Christian Kujau 12-10-2009 05:09 AM

botched RAID, now e2fsck or what?
 
On Wed, 9 Dec 2009 at 20:50, Lucian Șandor wrote:
> However, no combination seems useful. Sometimes I get:
> "e2fsck: Bad magic number in super-block while trying to open /dev/md0"

Did you try specifying a different superblock? If you can remember how the
filesystem was initially created, you can use:

$ mkfs.ext3 -n /dev/md0 (MIND THE -n SWITCH!)

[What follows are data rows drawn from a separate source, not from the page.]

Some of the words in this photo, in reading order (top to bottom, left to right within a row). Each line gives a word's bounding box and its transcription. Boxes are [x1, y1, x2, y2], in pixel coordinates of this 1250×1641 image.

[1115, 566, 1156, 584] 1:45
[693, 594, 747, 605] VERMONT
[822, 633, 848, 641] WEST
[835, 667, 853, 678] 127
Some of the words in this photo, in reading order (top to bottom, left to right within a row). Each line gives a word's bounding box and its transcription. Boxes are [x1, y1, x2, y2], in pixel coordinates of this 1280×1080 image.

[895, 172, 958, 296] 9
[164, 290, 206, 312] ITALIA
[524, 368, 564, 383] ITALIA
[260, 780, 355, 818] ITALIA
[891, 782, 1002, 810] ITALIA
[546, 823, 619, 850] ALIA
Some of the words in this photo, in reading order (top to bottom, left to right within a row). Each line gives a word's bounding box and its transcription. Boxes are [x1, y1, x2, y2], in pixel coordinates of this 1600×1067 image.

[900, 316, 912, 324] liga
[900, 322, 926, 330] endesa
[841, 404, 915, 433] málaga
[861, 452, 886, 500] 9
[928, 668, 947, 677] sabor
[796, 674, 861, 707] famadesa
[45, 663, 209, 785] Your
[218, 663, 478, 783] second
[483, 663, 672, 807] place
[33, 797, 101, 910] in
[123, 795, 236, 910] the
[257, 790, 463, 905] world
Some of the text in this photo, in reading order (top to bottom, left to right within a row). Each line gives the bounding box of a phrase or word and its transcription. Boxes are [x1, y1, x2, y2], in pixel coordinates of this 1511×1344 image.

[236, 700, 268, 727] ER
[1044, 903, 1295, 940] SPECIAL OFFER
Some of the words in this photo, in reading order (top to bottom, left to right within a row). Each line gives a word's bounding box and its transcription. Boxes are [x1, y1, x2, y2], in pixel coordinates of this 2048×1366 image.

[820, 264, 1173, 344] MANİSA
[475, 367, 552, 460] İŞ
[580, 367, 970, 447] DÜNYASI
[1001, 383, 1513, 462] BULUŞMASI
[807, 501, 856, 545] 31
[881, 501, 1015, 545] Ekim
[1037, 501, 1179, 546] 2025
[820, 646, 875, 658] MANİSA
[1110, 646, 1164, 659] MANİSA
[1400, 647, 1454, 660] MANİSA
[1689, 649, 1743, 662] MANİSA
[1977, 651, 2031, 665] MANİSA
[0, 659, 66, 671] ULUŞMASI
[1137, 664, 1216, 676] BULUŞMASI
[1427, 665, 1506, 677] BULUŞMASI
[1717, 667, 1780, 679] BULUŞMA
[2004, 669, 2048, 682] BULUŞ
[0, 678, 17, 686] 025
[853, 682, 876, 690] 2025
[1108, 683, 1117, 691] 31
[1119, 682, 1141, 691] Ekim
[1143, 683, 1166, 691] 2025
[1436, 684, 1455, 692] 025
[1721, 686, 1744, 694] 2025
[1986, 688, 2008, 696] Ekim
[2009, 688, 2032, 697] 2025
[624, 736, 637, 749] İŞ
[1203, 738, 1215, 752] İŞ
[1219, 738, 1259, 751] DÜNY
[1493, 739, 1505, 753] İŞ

to get a list of the backup superblocks, which you can then use with fsck.
Don't forget to man mkfs.ext3 :-)

> Question 1: Is there a way to make dumpe2fs or another command
> estimate the number of files in what appears to be an ext3 partition?

I can only think of:

$ dumpe2fs -h /dev/loop0 | egrep 'Inode count|Free inodes'

The difference between both values should be the used inodes, i.e.
files/directories on the filesystem.

> Question: if I were to struck lucky and find the right combination,
> would dumpe2fs give me a very-very long list of superblocks?

The superblock count depends on how the fs was initially created. I could
imagine that the list is longer for a real filesystem, as "garbage"
won't have any superblocks at all.

> superblocks extend far into the partition, or do they always stop

Superblocks are usually spread all over the device.

> Question 3: Is there any other tool that would search for files in the
> remains of an ext3 partition, and, this way, validate or invalidate
> the permutations I try?

Have a look at:
http://ext4.wiki.kernel.org/index.php/Undeletion

Christian.
--
BOFH excuse #208:

Your mail is being routed through Germany ... and they're censoring us.

_______________________________________________
Ext3-users mailing list
Ext3-users@redhat.com
https://www.redhat.com/mailman/listinfo/ext3-users

Andreas Dilger 12-10-2009 05:54 AM

botched RAID, now e2fsck or what?
 
On 2009-12-09, at 18:50, Lucian Șandor wrote:

However, no combination seems useful. Sometimes I get:
"e2fsck: Bad magic number in super-block while trying to open /dev/
md0"

Other times I get:
"Superblock has an invalid journal (inode 8)."
Other times I get:
"e2fsck: Illegal inode number while checking ext3 journal for /dev/
md2."

None of these appears in only one permutation, so none is indicative
for the corectness of the permutation.


You need to know a bit about your RAID layout and the structure of
ext*. One thing that is VERY important is whether your new MD config
has the same chunk size as it did initially. It will be impossible to
recover your config if you don't have the same chunk size.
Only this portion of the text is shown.